Pero el elemento común ha sido siempre el de la devoción popular por la fe católica. En ese mismo México revolucionario se rinde adoración ilimitada a la virgen de Guadalupe, y esa misma Iglesia chilena al servicio de los poderosos dio lugar en los años ochenta a la Vicaría de la Solidaridad, un instrumento vital para la lucha contra la dictadura. Incluso en Cuba, el Gobierno, que ha mantenido cercada a la Iglesia durante décadas, se ha cuidado de no interrumpir el culto a la virgen de la Caridad del Cobre.

El sentimiento religioso en América Latina ha ido decreciendo a medida que los diferentes países progresaban económicamente. Como ha ocurrido en Europa, el desarrollo va unido al escepticismo religioso, y hoy hay menos católicos en la región que hace diez años. Parte de ese vacío ha sido ocupado por diferentes iglesias protestantes, más pegadas y sensibles a problemas cotidianos como el alcoholismo o el maltrato doméstico.

El nuevo papa tiene, pues, bastante trabajo por delante en lo a que su labor pastoral se refiere. Es posible, pero no seguro, que su presencia servirá para revitalizar a toda la Iglesia latinoamericana y para recuperar a alguna ovejas descarriadas. Pero el efecto más probable e inmediato puede ser el de levantar el orgullo de una población que muchas veces se ha sentido condenada y que ahora empieza creer en un horizonte de éxito.

Pese a los elogios constantes de los economistas, no hay garantía ninguna de que el actual crecimiento de la región se consolide y genere beneficios universales. Mucho más atrevido es buscar una relación entre el actual aumento del PIB latinoamericano y la decisión tomada por un grupo de cardenales en la Capilla Sixtina.

Pero el mundo se rige a veces por sensaciones y estados de ánimo, y hoy, un día después de la elección del papa Francisco, domina la autoconfianza, como recogió perfectamente Barack Obama en un comunicado en el que quiso sumarse a esa euforia porque también Estados Unidos es cada vez más parte del continente, no su dueño. Además de Obama, figuras tan diferentes como Rafael Correa, en Ecuador, o Juan Manuel Santos, en Colombia, hicieron públicas alabanzas a la llegada “del primer papa latinoamericano”.

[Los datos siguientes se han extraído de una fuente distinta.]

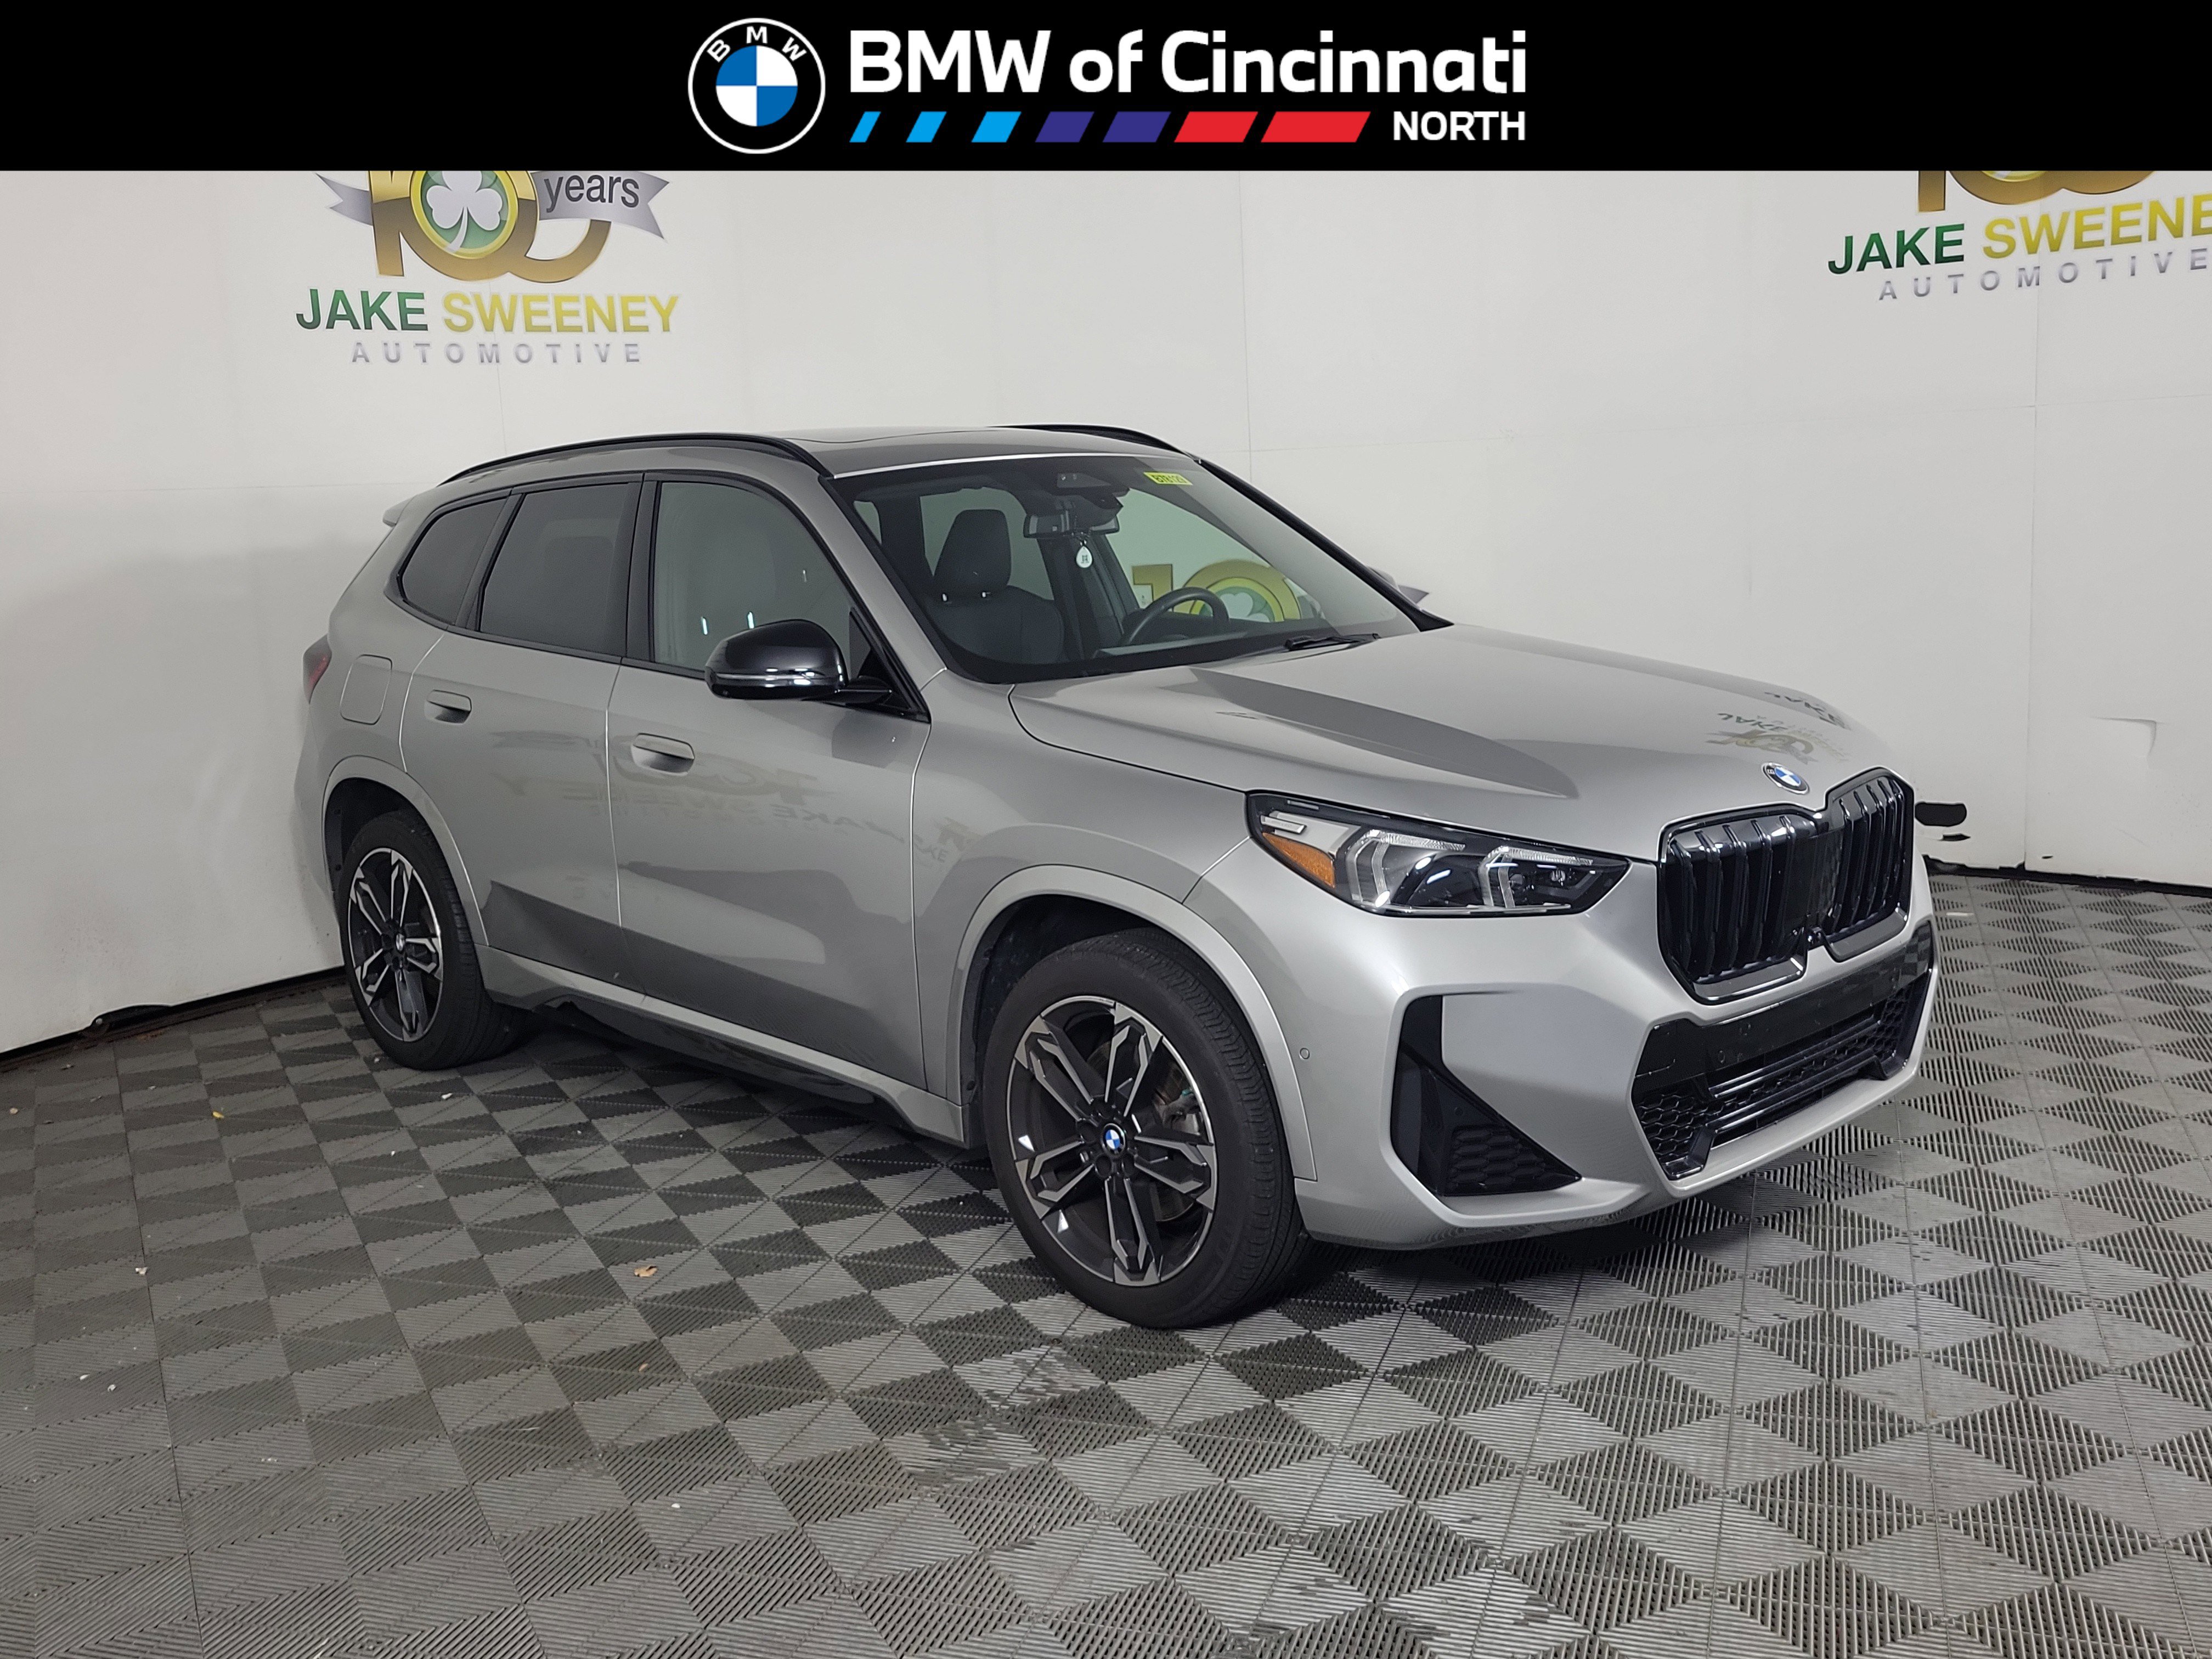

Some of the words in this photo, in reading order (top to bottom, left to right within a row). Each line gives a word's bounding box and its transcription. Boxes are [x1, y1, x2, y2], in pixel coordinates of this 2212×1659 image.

[544, 174, 640, 214] years
[1828, 223, 1965, 275] JAKE
[1983, 193, 2212, 259] SWEENE
[1878, 248, 2208, 301] AUTOMOTIVE
[296, 289, 428, 331] JAKE
[443, 292, 679, 332] SWEENEY
[352, 342, 640, 364] AUTOMOTIVE

Es sabido que no es necesario ir diariamente a misa para entender, incluso compartir, esa emoción. El catolicismo latinoamericano se vive en la calle, de donde se nutre y donde padece. Ahora esas calles están llenas de centros comerciales y de libertad. Es hora de ver si la Iglesia y América Latina pueden encontrarse también en la modernidad.